ROBY v. SOUTH PARK COMMISSIONERS.

SUPREME COURT, ILLINOIS. 1912.

252 Illinois 575.

[CHARLES W. COLEHOUR filed a bill in equity against the South Park Commissioners, Edward Roby, Carrie M. Colehour, and Azel F. Hatch, alleging that the complainant, Edward Roby and Carrie M. Colehour were the equitable owners of certain land, and seeking to quiet the title to that land as against a claim to part thereof and to riparian rights thereto by the South Park Commissioners, and to enjoin the Commissioners from obstructing an alleged right of way across adjoining park land. An amendment to the bill alleged that legal title to the land was in Hatch, and that he had contracted to convey it to the complainant. The answer of defendant Edward Roby admitted all the allegations of the bill except that regarding Hatch's title, and claimed ownership in equity of one-fourth of the land. Roby also filed a cross-bill which adopted all the allegations of the bill as amended except those with regard to Hatch's title, 'setting forth the facts relied upon by the complainant as ground for relief against the Commissioners, in greater detail. The cross-bill prayed for no specific relief but only for "such relief as might be agreeable to equity." The South Park. Commissioners demurred to the cross-bill and the demurrer was sustained. Thereafter there was a hearing on the original bill on the pleadings and evidence, and the original bill was dismissed on the merits. No appeals from the decree dismissing the original were perfected either by the complainant or by Roby, but Roby sued out a writ of error 2 to reverse the decree on the ground that the demurrer to his cross-bill was improperly sustained.] 3

1 Compare Galatian . Erwin, 1 Hopk. Ch. 48, 58-59 (N. Y. 1823) [aff'd. sub nom. Gallatian v. Cunningham, 8 Cow. 361 (N. Y. 1826)]. See Story Equity Pleadings (10th ed. 1892) § 631.

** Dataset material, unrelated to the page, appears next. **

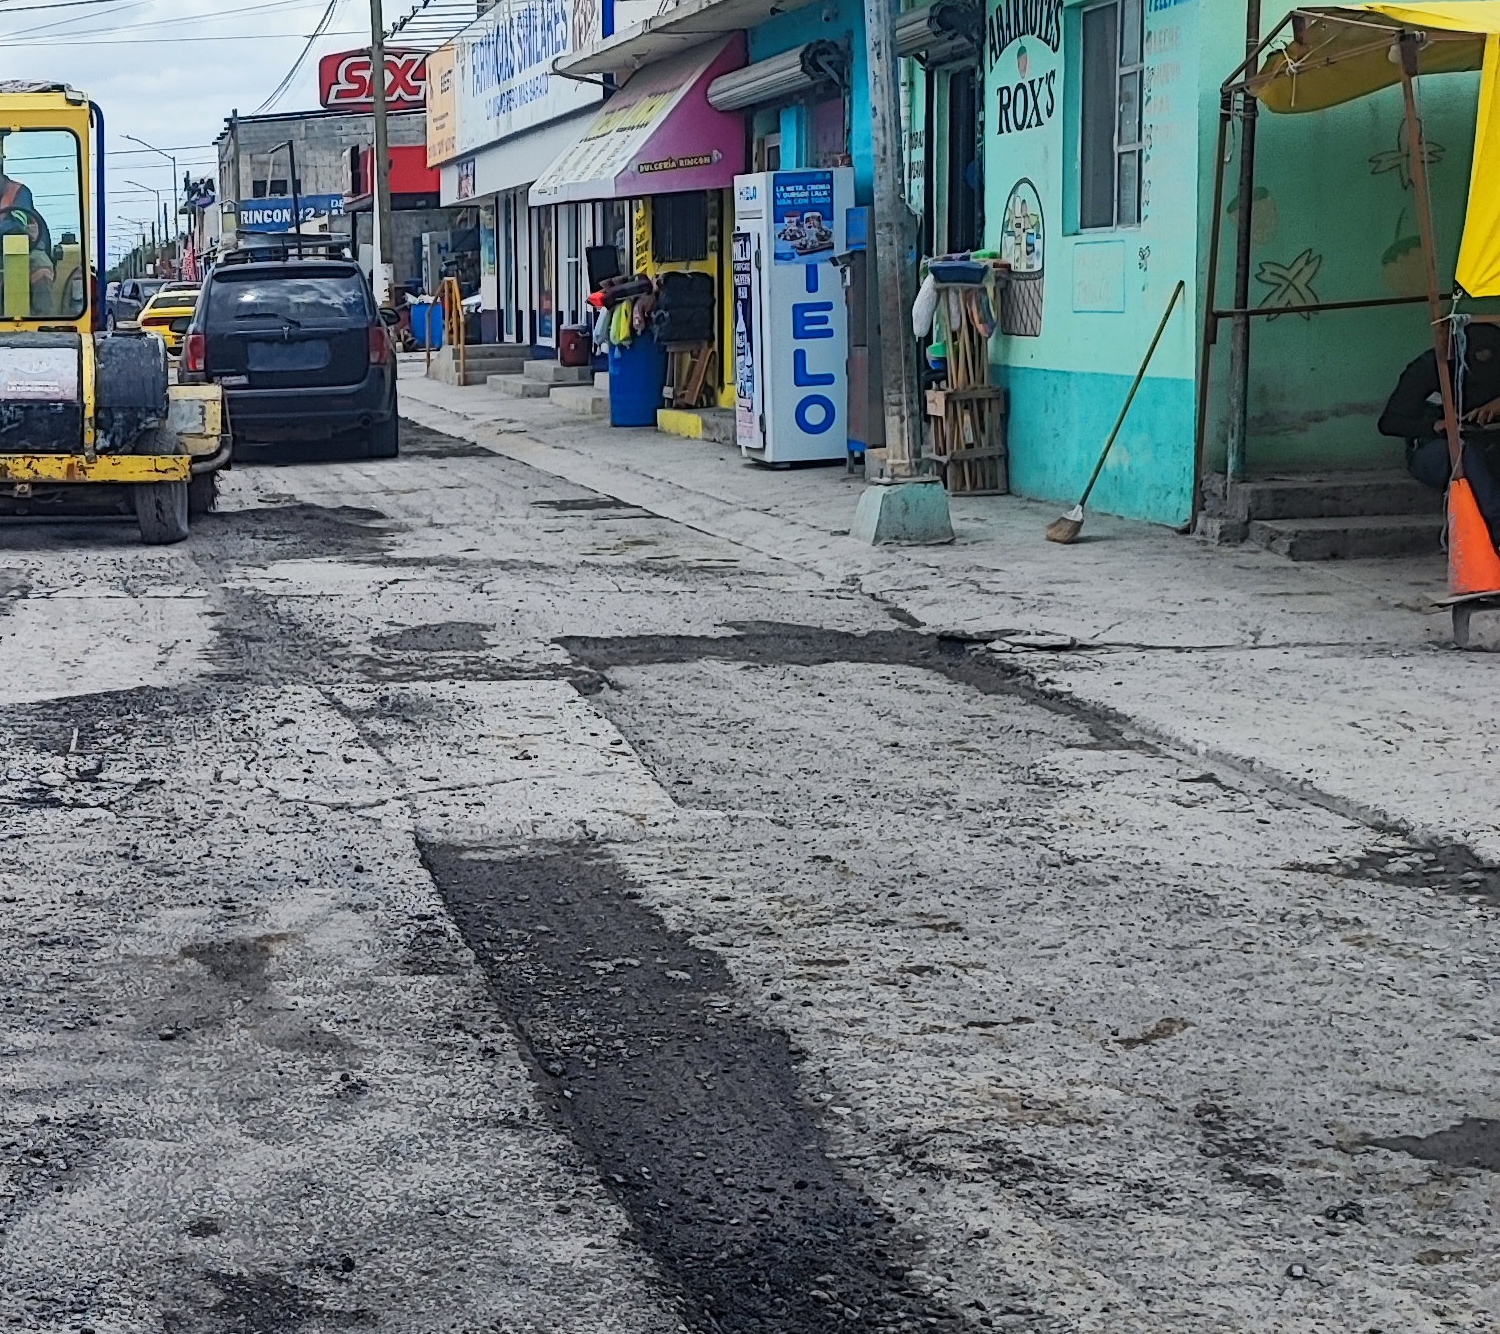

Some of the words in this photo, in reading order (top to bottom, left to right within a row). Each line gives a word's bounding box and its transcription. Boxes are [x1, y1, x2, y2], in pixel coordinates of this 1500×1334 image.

[471, 13, 515, 98] FARMACIAS
[997, 69, 1056, 135] ROX'S
[240, 209, 291, 225] RINCON
[793, 263, 835, 435] IELO

Suppose that in a suit by a husband against his wife for the partition of property jointly owned by them, the wife files a cross-bill for permanent alimony. Should the cross-bill be entertained? Burke v. Burke, 208 Ala. 502 (1922).

2 Cf. Ch. XIX, § 6, infra.

3 The statement of facts is much condensed.

MR. JUSTICE DUNN delivered the opinion of the court:

The only error assigned is on the action of the court in sustaining the demurrer to the cross-bill and dismissing the cross-bill. The cause has been argued on the part of the plaintiff in error as if the cross-bill were an original bill and as if the only question to be determined were whether the cross-bill states such a case as entitles the complainant to some equitable relief. This is a misapprehension. The record shows that after the cross-bill was dismissed the cause was submitted for final hearing upon the original bill, (to which the plaintiff in error, having refused to join as complainant, was a defendant,) the answers and replications and the evidence, and upon a determination of the issues of fact as well as of law the court entered a decree dismissing the bill for want of equity. That bill, so far as any right to equitable relief is concerned, was substantially identical with the cross-bill. The allegations of the latter were made in some particulars with more fullness of detail, but in no material matter did they add anything of essential importance to the statements of the original bill. The cross-bill prayed for no relief not prayed for by the original bill, and, in fact, for no specific relief. Its prayer was merely a prayer for general equitable relief. The facts alleged showed no right to any other relief than that shown by the original bill. They showed nothing which could in any manner add to, change or qualify the relief to be given under the original bill. Under such circumstances the cross-bill was an unnecessary and improper encumbrance of the record, and the court might rightfully strike it from the files or sustain a demurrer to it.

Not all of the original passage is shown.